A Well-Known Citizen of St. Paul Killed – Incidents of the Storm.


Sketches of the Two Wrecked Towns – Plan of St. Cloud – The News Here.


Many Miraculous Escapes From Instant Death Reported at Other Points.


[SPECIAL DISPATCH TO THE TRIBUNE]

St. Cloud, April 14 – This place was today the scene of the most terrible calamity that has ever visited the Northwest. It is impossible yet to say entirely how terrible it is.

 

St. Cloud’s rail yard did not fare well. (Photo courtesy mnhs.org)

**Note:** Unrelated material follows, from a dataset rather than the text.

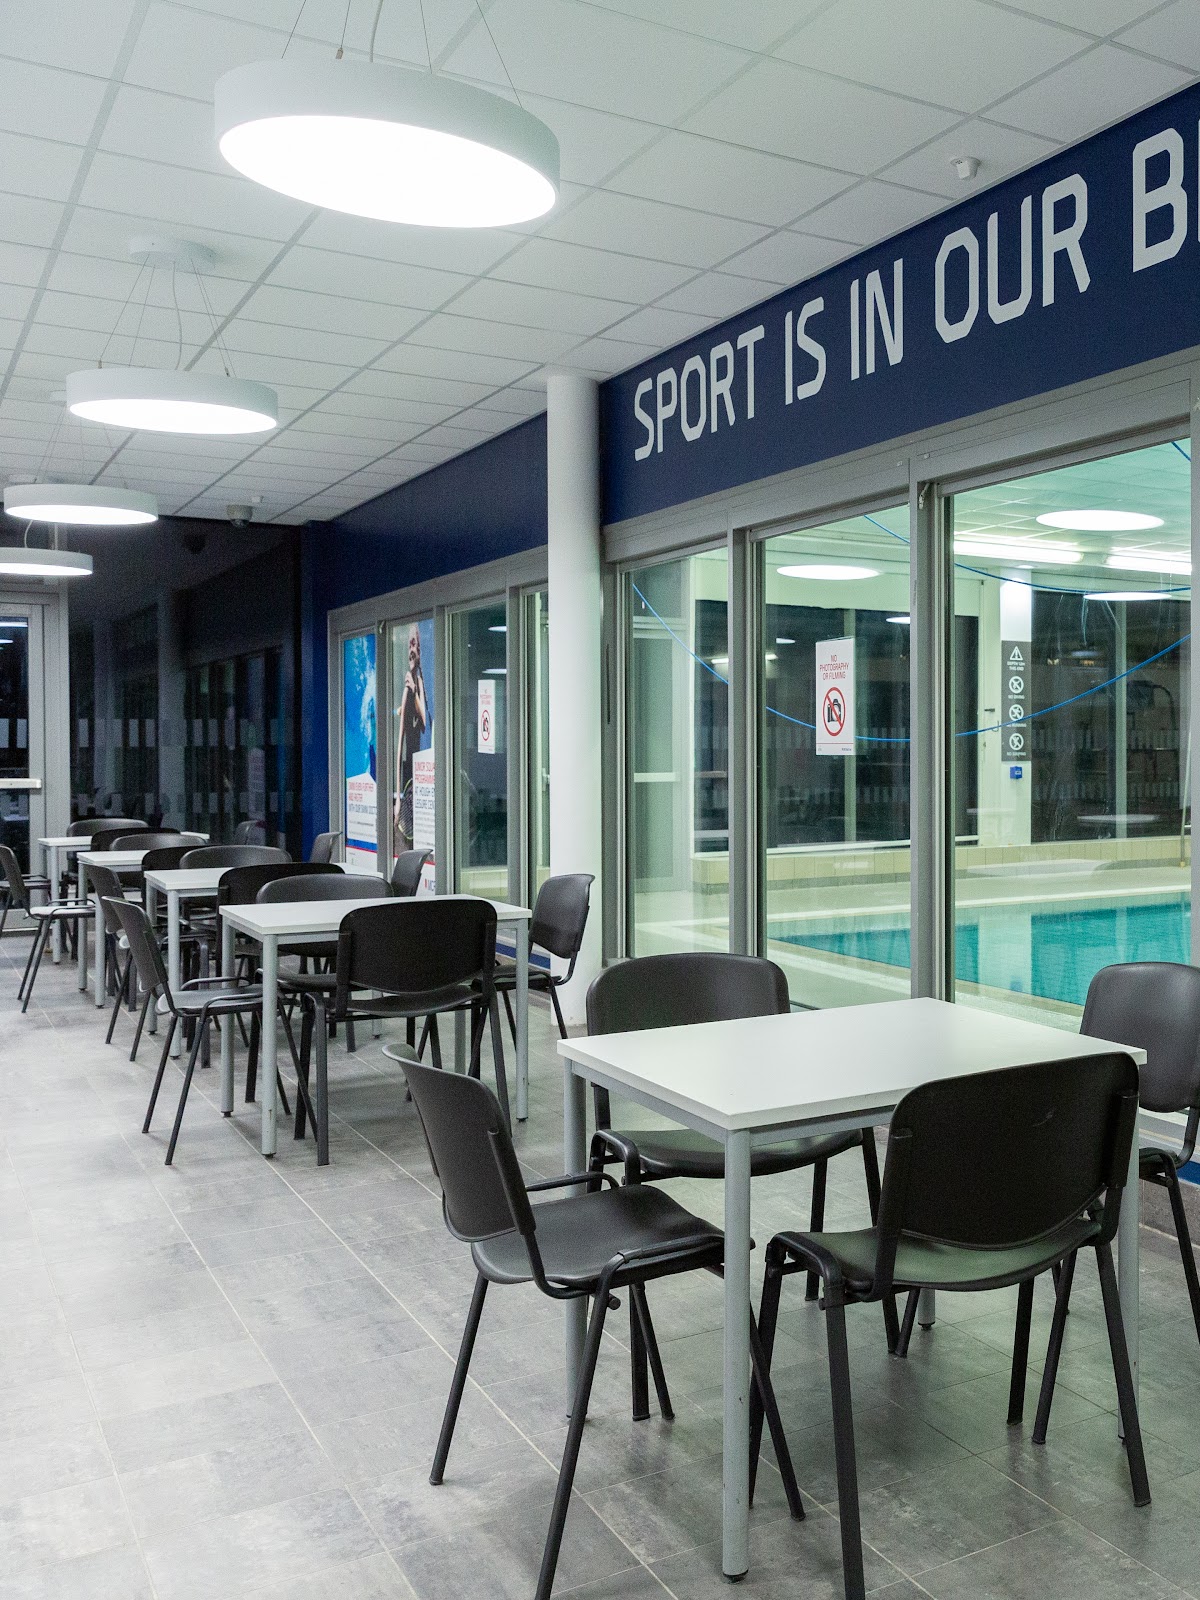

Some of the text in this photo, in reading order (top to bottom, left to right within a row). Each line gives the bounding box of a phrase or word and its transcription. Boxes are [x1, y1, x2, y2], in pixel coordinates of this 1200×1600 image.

The morning was stormy. Last night a severe thunderstorm passed over us, and during the forenoon there were frequent showers with occasional flashes of lightning and the noise of distant thunder. Soon after noon the storm grew heavier and became severe at 2 o’clock, but seemed to have again passed off by 2:30. Shortly before 4, however, the air darkened again, and sharp gusts of wind, bringing sudden showers of rain and hail, shook the city. Nothing of any moment, however, occurred until about 4:30. The air was then dark and thick, and growing momentarily darker. Suddenly the sky toward the southwest deepened from dark to absolute black. The air was close and sultry; but still no one seemed to fear anything more than an ordinarily severe thunderstorm.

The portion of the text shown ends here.